The rate of heat loss through the window is 10,800 watts, or 10.8 kilowatts.

Common Misconceptions

"Specific heat and thermal conductivity are the same thing." They are different. Specific heat is the energy needed to change temperature; thermal conductivity is how fast heat moves through a material by conduction.
"A material that feels cold is actually colder." A metal feels colder than wood at the same temperature because its high conductivity pulls heat from your hand faster. The feeling tracks heat flow, not temperature.
"Bigger objects always have higher specific heat." Specific heat is per kilogram and does not depend on size. A larger mass needs more total energy, but $c$ itself stays the same for that material.
"Thicker materials conduct heat faster." It is the opposite. Greater thickness $L$ is in the denominator, so a thicker material slows the conduction rate.
"Temperature difference must be converted to kelvin." A temperature difference in °C equals the same difference in K, so $\Delta T$ has the same value either way in these equations.
"Heat flows from cold to hot if you wait long enough." Energy spontaneously flows from higher temperature to lower temperature until both reach the same temperature.

Vocabulary

The following words are mentioned explicitly in the College Board Course and Exam Description for this topic.

Term	Definition
conduction	A thermal process by which energy is transferred between systems or within a system through direct contact without bulk motion of material.
intrinsic property	A characteristic of a material that is independent of the amount of material present and depends on the arrangement and interactions of its atoms.
rate of energy transfer	The amount of thermal energy transferred per unit time, measured in watts or joules per second.
specific heat	An intrinsic property of a material that quantifies the amount of energy required to change the temperature of a unit mass of that material by one degree.
temperature change	The difference in temperature of an object, represented as ΔT, which is directly related to the energy required to heat or cool the object.
temperature difference	The difference in thermal energy between two systems that drives the spontaneous transfer of energy from the higher-temperature system to the lower-temperature system.
thermal conductivity	An intrinsic property of a material that describes how readily heat energy is transferred through it by conduction.

Frequently Asked Questions

What is specific heat capacity?

Specific heat capacity is the energy required to raise one kilogram of a material by one degree Celsius or one kelvin.
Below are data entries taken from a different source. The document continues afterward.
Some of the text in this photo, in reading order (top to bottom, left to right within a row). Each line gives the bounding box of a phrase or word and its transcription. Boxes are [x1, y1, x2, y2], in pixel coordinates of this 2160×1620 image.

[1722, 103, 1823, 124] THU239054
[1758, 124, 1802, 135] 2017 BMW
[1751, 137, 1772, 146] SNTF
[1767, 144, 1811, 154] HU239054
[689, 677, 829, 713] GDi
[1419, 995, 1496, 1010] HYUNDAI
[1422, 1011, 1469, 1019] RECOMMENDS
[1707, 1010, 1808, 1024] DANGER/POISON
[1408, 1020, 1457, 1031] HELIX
In AP Physics 2, use Q = mc Delta T.

What is the thermal conductivity formula?

The conduction rate is Q / Delta t = kA Delta T / L, where k is thermal conductivity, A is area, Delta T is temperature difference, and L is thickness.

How do you solve Q = mc Delta T problems?

Identify mass, specific heat, and temperature change, keep units consistent, then solve for the unknown energy or temperature change.

What increases the rate of heat flow by conduction?

Heat flows faster with higher thermal conductivity, larger area, larger temperature difference, or smaller thickness.

What is the difference between specific heat and thermal conductivity?

Specific heat tells how much energy changes a material's temperature. Thermal conductivity tells how quickly energy transfers through a material by conduction.

Does AP Physics 2 treat specific heat as temperature dependent?

No. The AP Physics 2 CED says specific heat is modeled as independent of temperature.